INSTRUCTIONS TO FOLLOW. The entries below need to be transcribed exactly, without their images.

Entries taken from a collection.
+ + + +

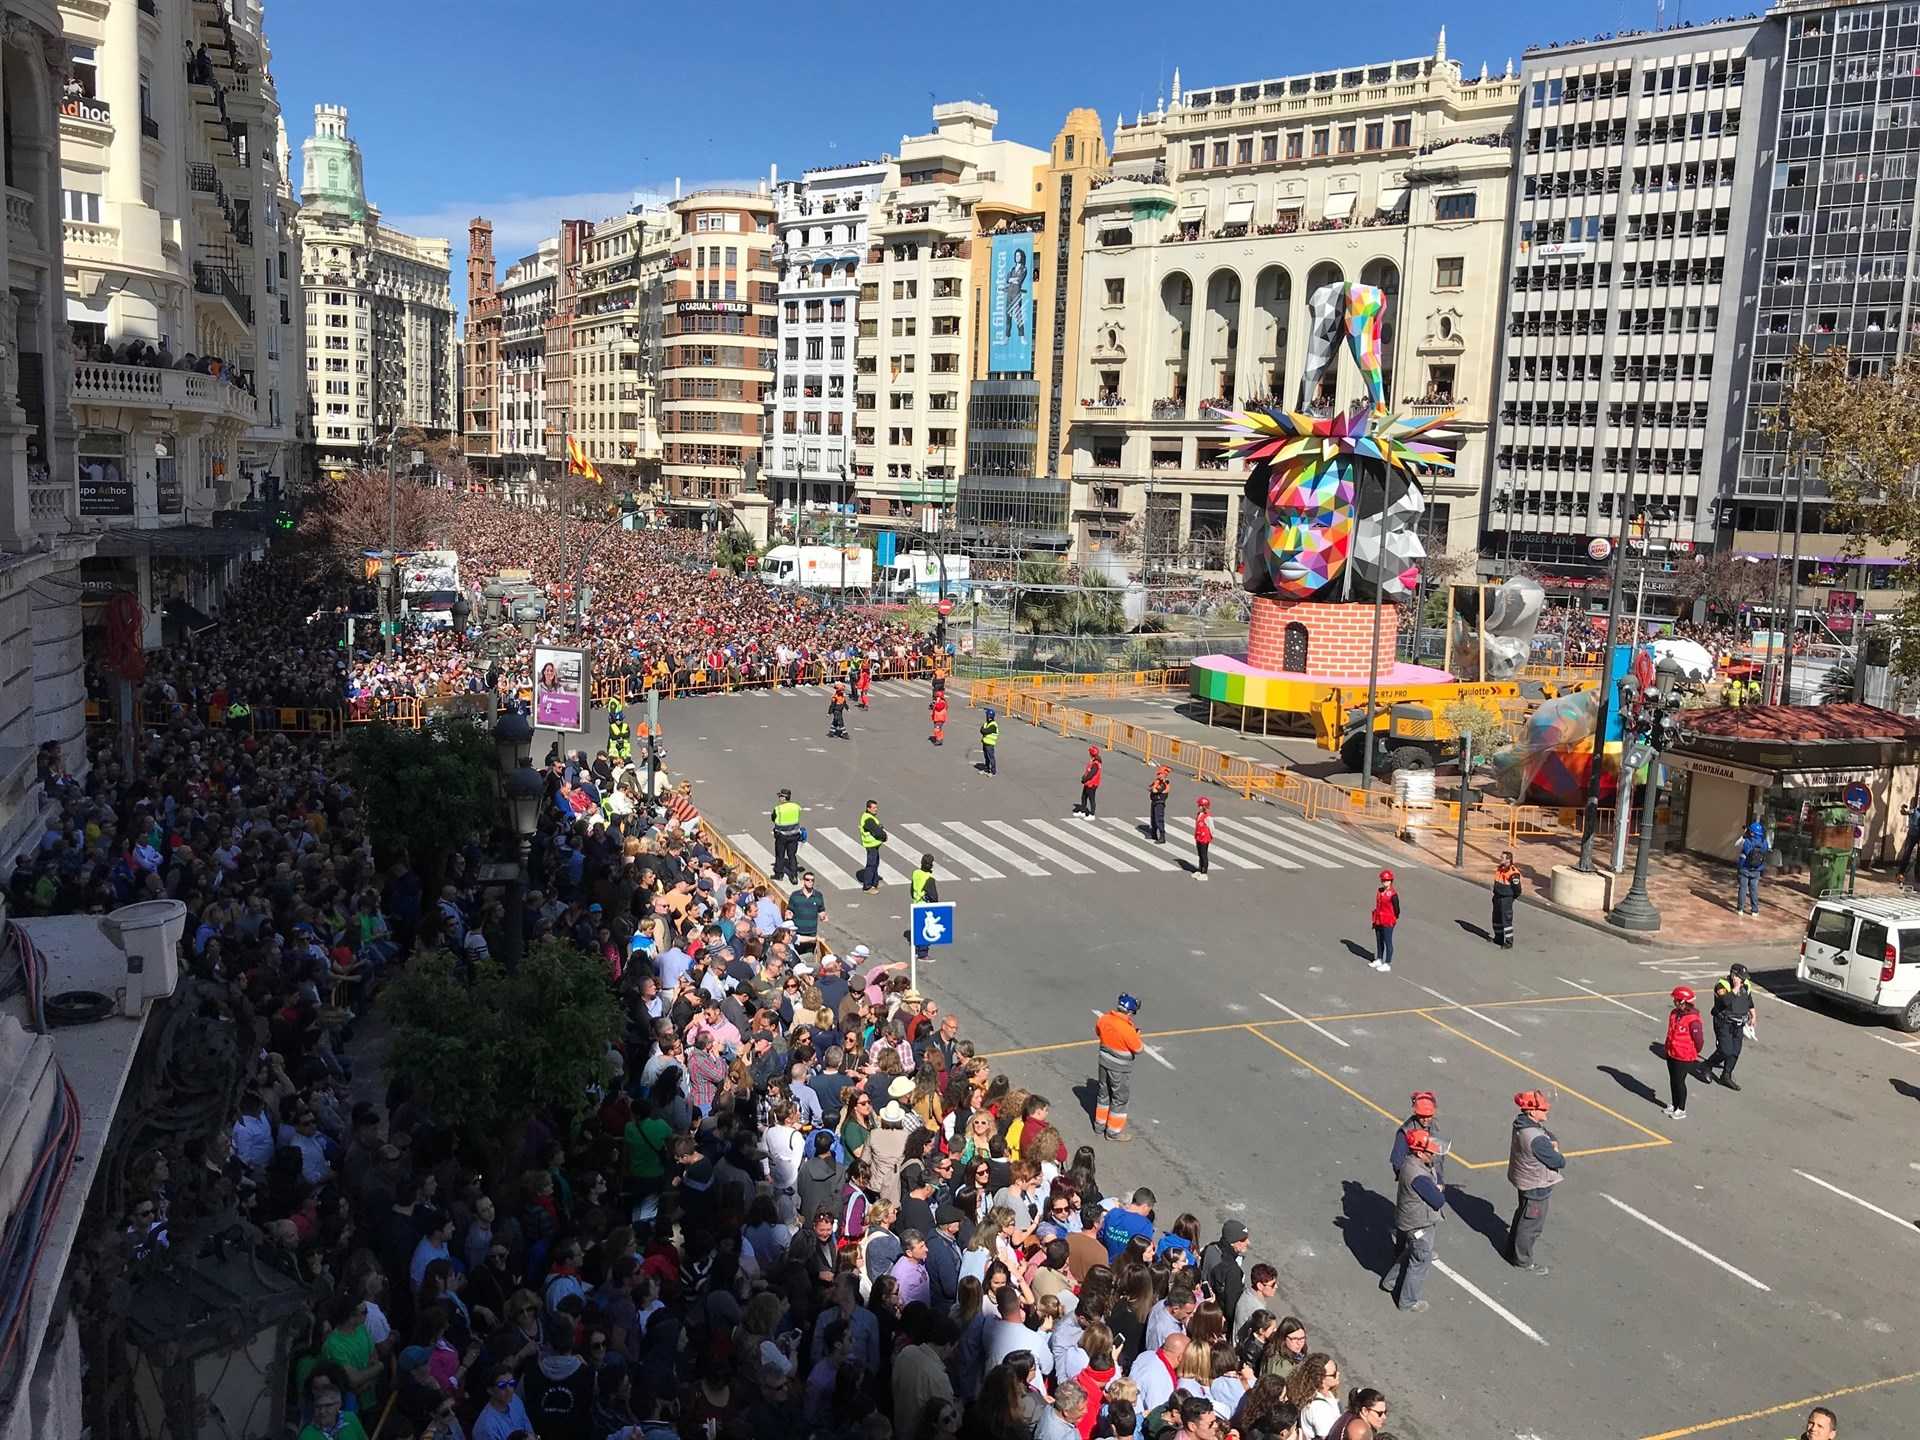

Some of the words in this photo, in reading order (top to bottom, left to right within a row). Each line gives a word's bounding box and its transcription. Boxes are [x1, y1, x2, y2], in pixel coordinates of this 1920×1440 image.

[992, 251, 1007, 328] filmoteca
[1551, 536, 1577, 545] KING
[1752, 606, 1786, 614] TACO
[1458, 687, 1490, 697] Haulotte
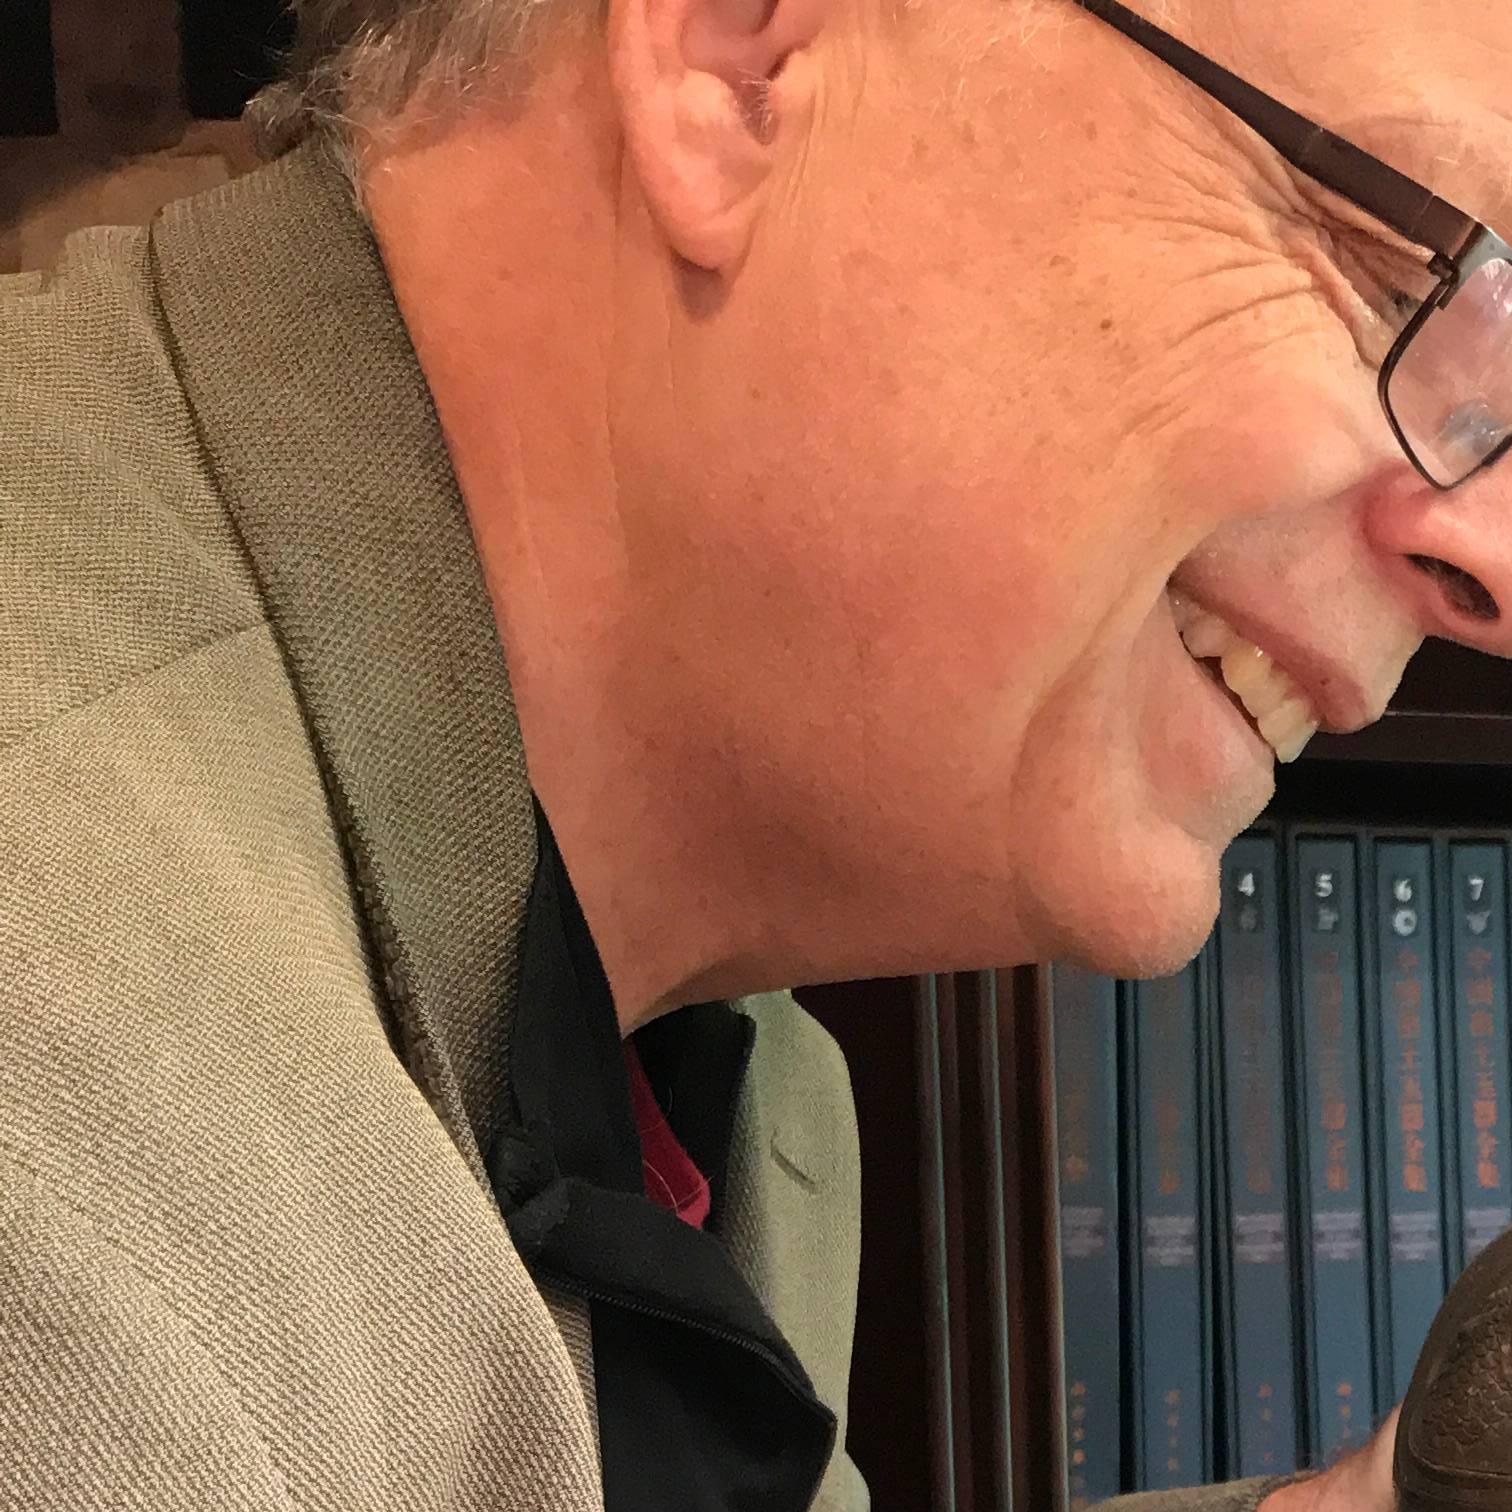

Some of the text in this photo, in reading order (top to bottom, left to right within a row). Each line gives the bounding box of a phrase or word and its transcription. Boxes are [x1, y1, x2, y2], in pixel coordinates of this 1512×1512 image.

+ + + +

COMPLETED TASK.
Some of the words in this photo, in reading order (top to bottom, left to right within a row). Each line gives a word's bounding box and its transcription. Boxes are [x1, y1, x2, y2], in pixel coordinates of this 1920×1440 image.

[992, 251, 1007, 328] filmoteca
[1551, 536, 1577, 545] KING
[1752, 606, 1786, 614] TACO
[1458, 687, 1490, 697] Haulotte

Some of the text in this photo, in reading order (top to bottom, left to right within a row). Each line gives the bounding box of a phrase or word and its transcription. Boxes are [x1, y1, x2, y2], in pixel coordinates of this 1512×1512 image.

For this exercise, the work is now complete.